From education to employment:
1) Funding arrangements between Commonwealth and State governments should ensure that young people can access fully-funded education or training until they have acquired their year 12 or equivalent, regardless of the setting.
2) Greater investment in youth transitions programs is essential to ensure young people on the margins of schools and at the risk of becoming disengaged make the leap to further education and employment. The successful Youth Connections service is a reasonable starting point for the devolvement of a new national program.
3) Further investment is needed in a variety of career pathways including vocational education and training through school based traineeships and apprenticeships, as well as university access for those who aspire to it. Expanded apprenticeship and traineeship programs should reflect growth industries like aged care and childcare, not just traditional trades, though these are important, particularly for young men.
4) Demand side initiatives should also be pursued, including examination of wage subsidies for employers, and ways to create meaningful work experience in conjunction with schooling to build the employability of young people into the future.
5) Addressing heightened barriers to employment for young people living outside or on the outskirts of city centres is essential. This includes transport links, affordable housing, mobility support and introducing youth specialist coordinators in priority employment areas to work with local employers and young people.
6) In locations of persistent disadvantage, long-term (greater than 10 years) community development approaches to generate improved social and economic outcomes for young people should be a priority.

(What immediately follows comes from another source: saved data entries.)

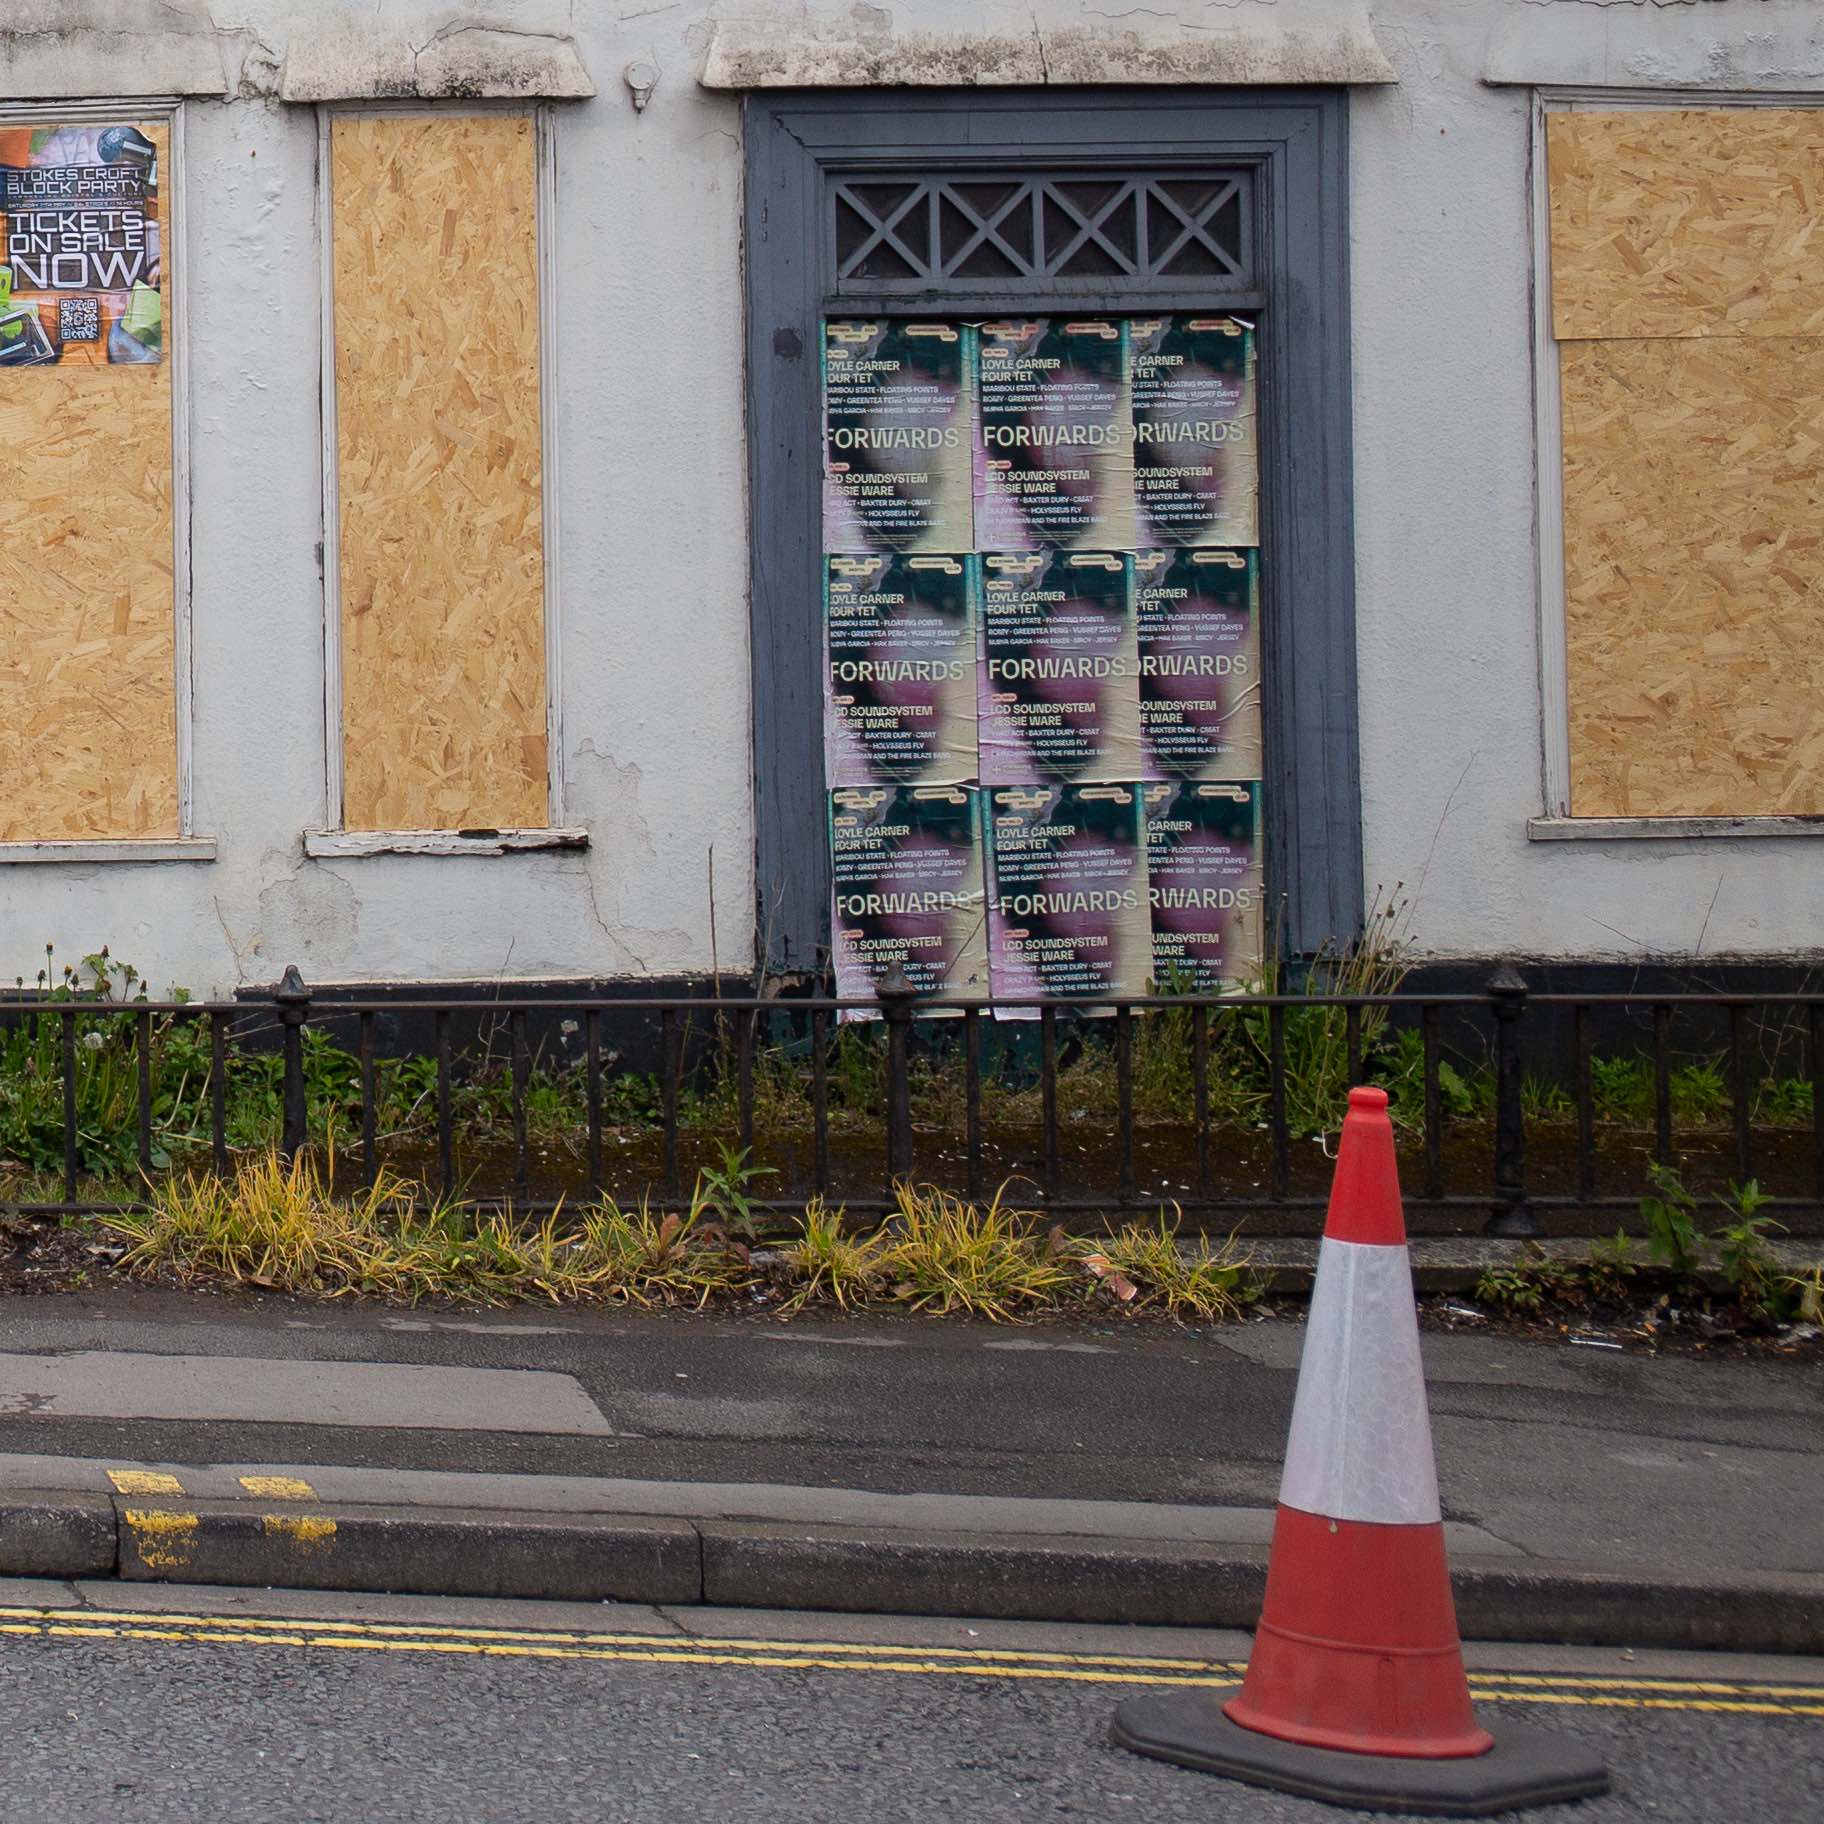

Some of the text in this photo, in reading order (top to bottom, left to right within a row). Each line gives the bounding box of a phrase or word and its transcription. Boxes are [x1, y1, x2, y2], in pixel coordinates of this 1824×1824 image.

[8, 169, 78, 182] STOKES
[8, 180, 140, 195] BLOCK PARTY
[9, 211, 143, 233] TICKETS
[10, 231, 144, 253] ON SALE
[11, 252, 144, 289] NOW
[856, 361, 900, 370] CARNER
[982, 359, 1060, 369] LOYLE CARNER
[853, 374, 872, 383] TET
[982, 371, 1032, 381] FOUR TET
[983, 425, 1120, 446] FORWARDS
[846, 473, 928, 483] SOUNDSYSTEM
[1008, 470, 1090, 480] SOUNDSYSTEM
[862, 486, 894, 495] WARE
[1024, 484, 1056, 493] WARE
[860, 594, 904, 604] CARNER
[987, 592, 1066, 602] LOYLE CARNER
[858, 606, 876, 616] TET
[987, 604, 1038, 614] FOUR TET
[831, 661, 964, 681] FORWARDS
[989, 657, 1126, 679] FORWARDS
[850, 706, 932, 716] SOUNDSYSTEM
[1013, 703, 1096, 714] SOUNDSYSTEM
[866, 719, 899, 728] WARE
[1030, 716, 1062, 725] WARE
[865, 826, 910, 837] CARNER
[997, 826, 1075, 839] LOYLE CARNER
[863, 839, 882, 849] TET
[997, 839, 1048, 850] FOUR TET
[837, 890, 970, 917] FORWARDS
[1001, 889, 1137, 916] FORWARDS
[860, 936, 942, 950] SOUNDSYSTEM
[1003, 936, 1108, 951] LCD SOUNDSYSTEM
[876, 951, 909, 961] WARE
[1006, 951, 1075, 962] JESSIE WARE

Improving wellbeing and resilience – service and supports:
7) Vulnerable young people have multiple concerns and have complex needs – ranging from housing, to mental illness, long-term unemployment, family conflict and drug and alcohol use. Intensive services for young people need to integrate multiple disciplines or have strong access to health and allied services in a more ‘client centric’ model.

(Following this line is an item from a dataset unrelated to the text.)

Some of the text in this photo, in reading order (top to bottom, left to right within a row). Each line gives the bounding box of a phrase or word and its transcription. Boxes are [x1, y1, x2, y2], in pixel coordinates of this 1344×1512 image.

8) Disadvantaged young people rely heavily on friends and extended family for advice and support, and greater emphasis should be provided in developing peer-led programs which build young people’s capacity to support each other but also have the confidence to refer to professional services where they are needed.
9) Community services need to have the remit and funding to work with families as well as the young person, particularly where there is evidence of intergenerational poverty.